I had a friend at work who was a man, and we decided to get our significant others together for dinner. I met his wife, who was great, too, but quickly learned that all she talked about was her kids. I thought, "Good grief! Don't you have anything else to talk about?" Now I know that she might not have.

There is a line you cross when you have kids where all of sudden you are not the most important thing anymore. You take all the things that are important to you and put them second to what your children need. In a lot of cases, you give up things entirely.

And while it sounds INSANE to you right now, your dogs whom you love dearly would get put up for adoption if the doctor told you that your kid was having an allergic reaction to them and was having trouble breathing.

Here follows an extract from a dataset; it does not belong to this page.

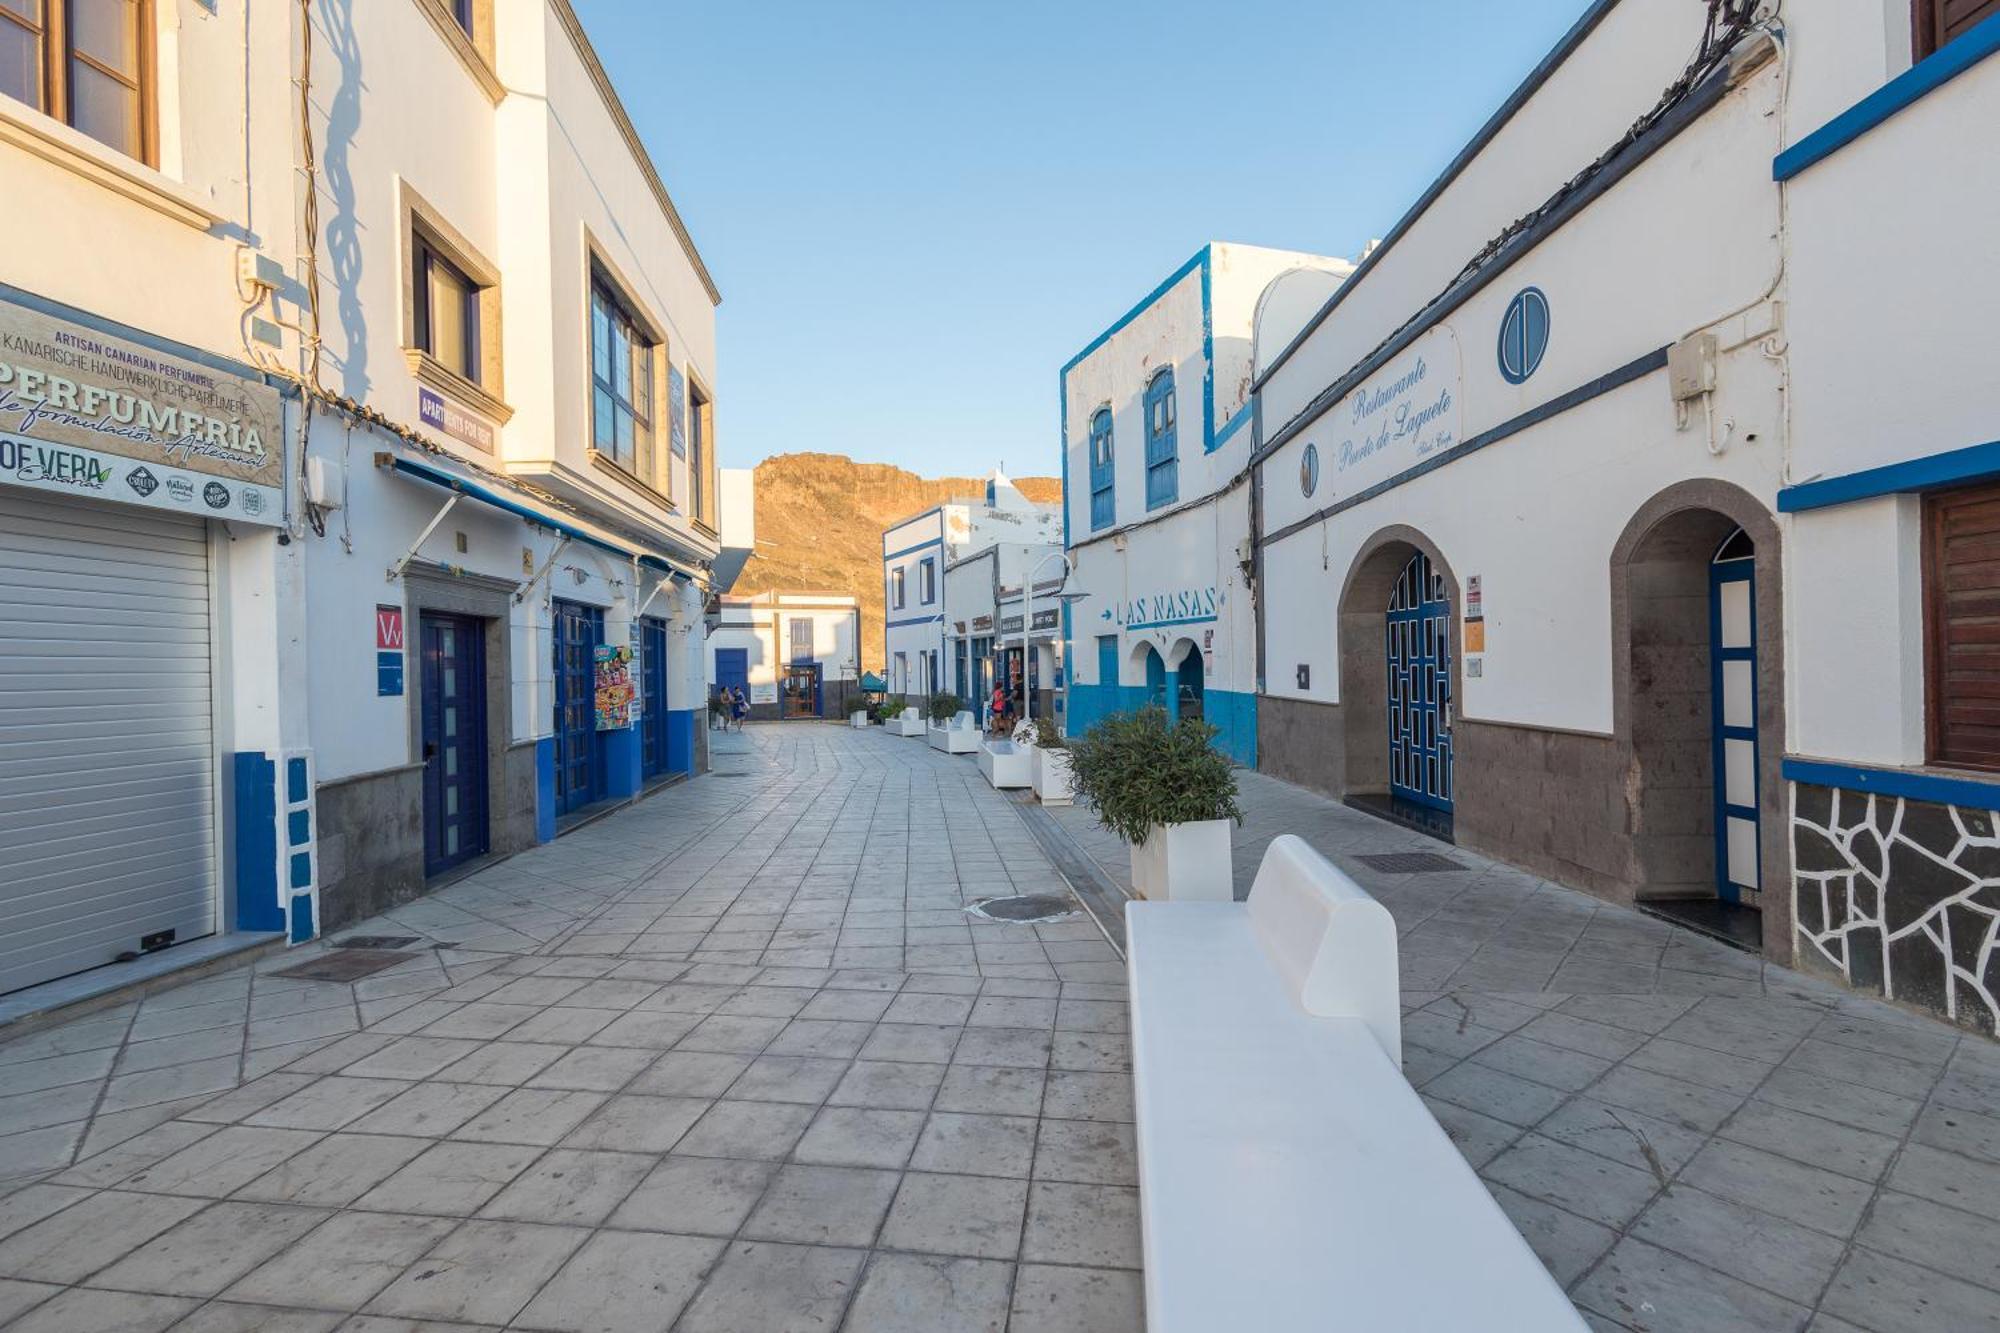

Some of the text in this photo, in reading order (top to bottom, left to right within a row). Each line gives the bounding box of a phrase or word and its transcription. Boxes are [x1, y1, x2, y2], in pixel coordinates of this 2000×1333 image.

I had a dog that I loved like my kids. I took her on two walks a day. I bought her special, expensive dog food. I read books on how to communicate with her. I paid thousands of dollars to the Vet to take care of her hurt paw and poop issues. I planned my vacations around where I could bring her along. When I couldn’t bring her on trips for business, I missed her, and when I came home, I got excited down in the pit of my stomach because I was going to see her again.

When I was pregnant with my oldest child, people I knew told me that I would feel different about my dog when I had kids. They told me that she would become a dog. I smiled and laughed politely, but deep down inside I thought, “Maybe that’s how it went with your dog, you heartless creeps, but I love my dog.”

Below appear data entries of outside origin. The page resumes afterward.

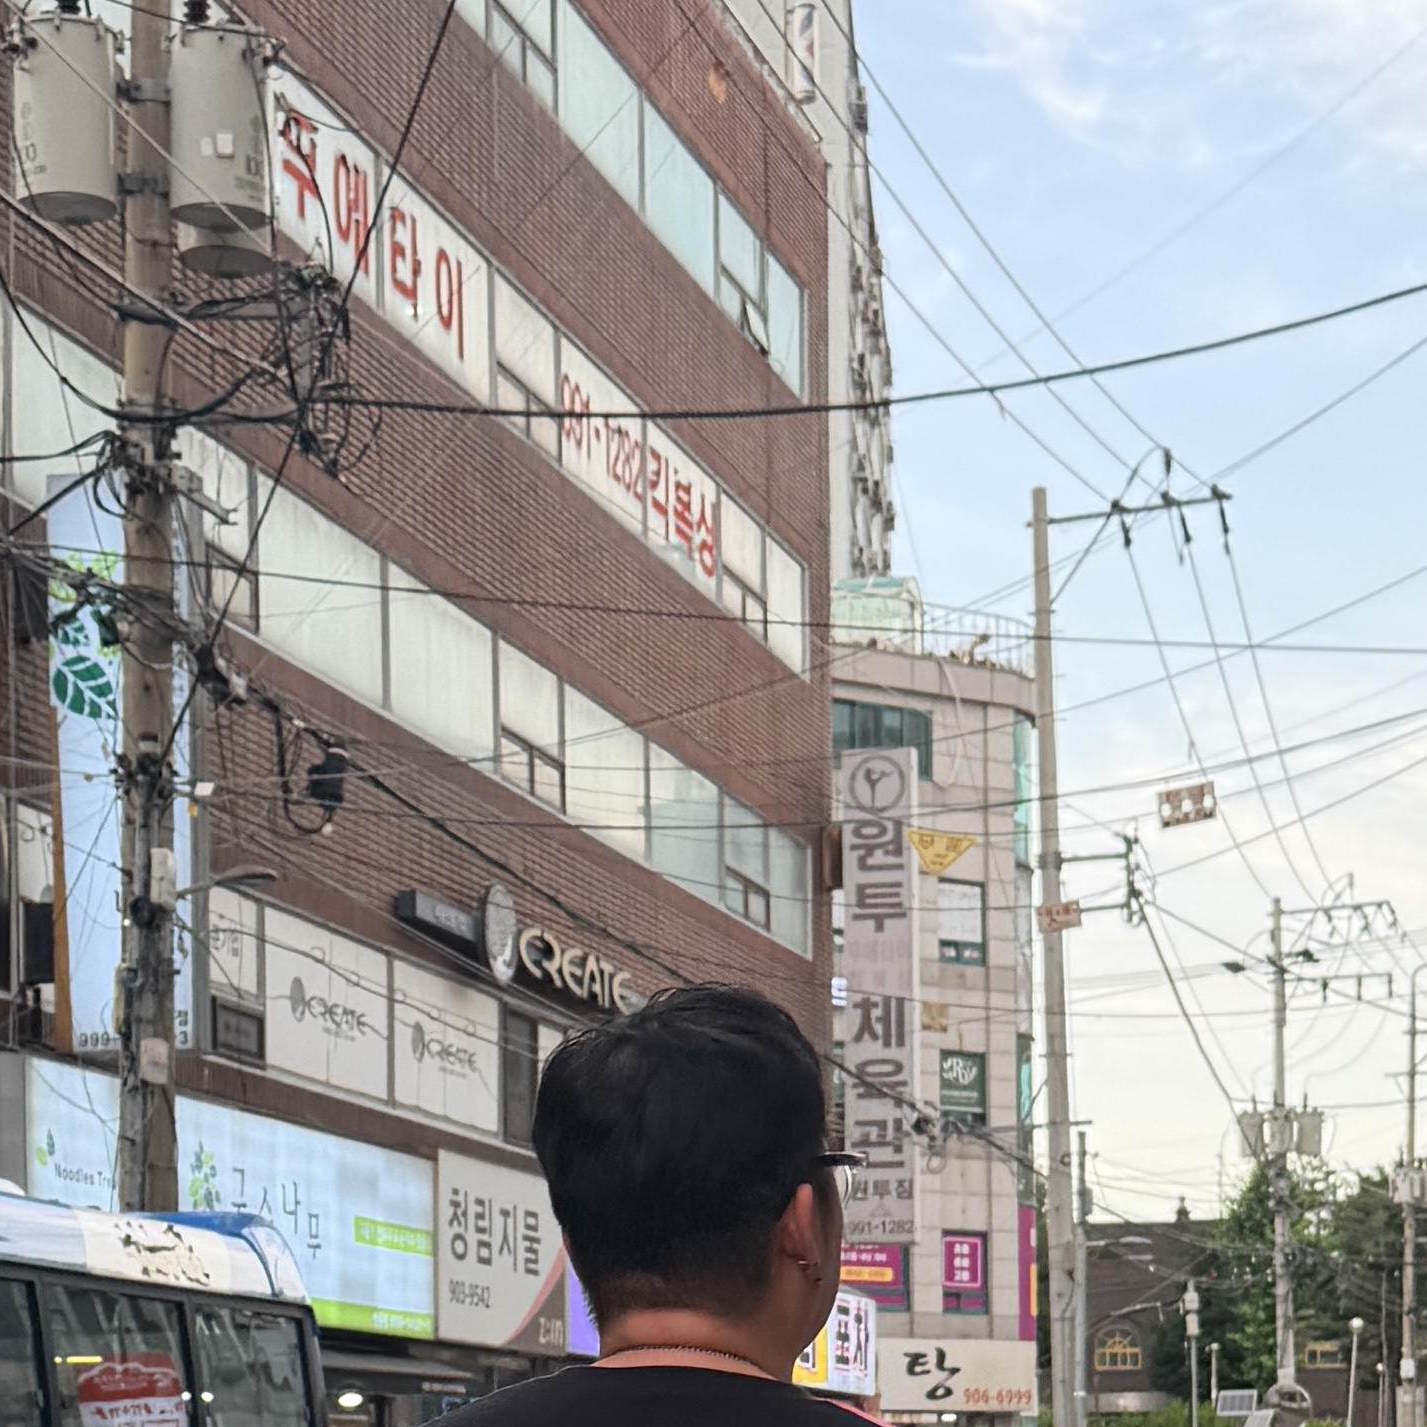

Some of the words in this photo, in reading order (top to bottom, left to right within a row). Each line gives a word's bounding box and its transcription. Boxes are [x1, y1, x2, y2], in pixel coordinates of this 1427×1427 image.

[849, 819, 907, 934] 원투
[518, 927, 637, 1016] CREATE
[850, 996, 910, 1169] 체육관
[448, 1187, 541, 1277] 청림지물
[903, 1346, 961, 1401] 탕

After I had my child, I forgot to feed my dog for two days.

I tell you this so that you can have those same judgmental feelings that I had for my friends when they told me stories like this. It’s important that you have them so that if you do choose to have children down the road you will understand that you are not a heartless creep for doing things like this. It’s just part and parcel of the parenthood journey.

Before kids, I was a lot less vulnerable and way more in control of my life. Now I have to push the anxiety away daily that I am not doing this right, that I can't keep them safe enough, or that I'm not living up to my responsibility to my children. It's difficult to live a life with doubt and anxiety as your constant companion but if you have read any of the aforementioned mommy blogs, then you understand that they are every mothers constant companion.

You should know that I also agree with you. Your friends do need to go out with you more. They need to find a babysitter for the rare occasions when you don’t want children at the event. It’s not only respectful of you, but it is critically important to them.

It’s way too easy to put ourselves second and never accept the invitations of our friends because it’s a hassle for us. I would argue, however that these moments where we are forced to be a person on our own instead of so-in-so’s mother remind us of the women we used to be. She had many great qualities as well and sometimes we really miss her. So it’s nice to see her again, even if it’s just for an evening.

And it’s also nice to let an f-bomb fly without an immediate guilty glance around for little ears. 

It’s important for you to know that when we say our lives were unfulfilling before we had kids, it’s not a judgment of your life or choices. What we are trying to tell you was that before we had kids we didn’t understand the absolutely crushing, overwhelming, and humbling love that we feel for these little people that we are charged with raising.

Not one mother I know would hesitate to jump in front of a speeding car to push their child out of the way or think twice about donating a kidney to save their life.

There are moments in our day that are so heart-warming and pure that we tear up with joy—which before I had kids was a rare occurrence unless I was at a musical.

But I also think it's important for those of us with kids to remember how when we say these things that we can come off as obnoxious. But I promise you that we don't mean to be. We still love you and want to be your friend, even if you don’t understand what it means to have kids.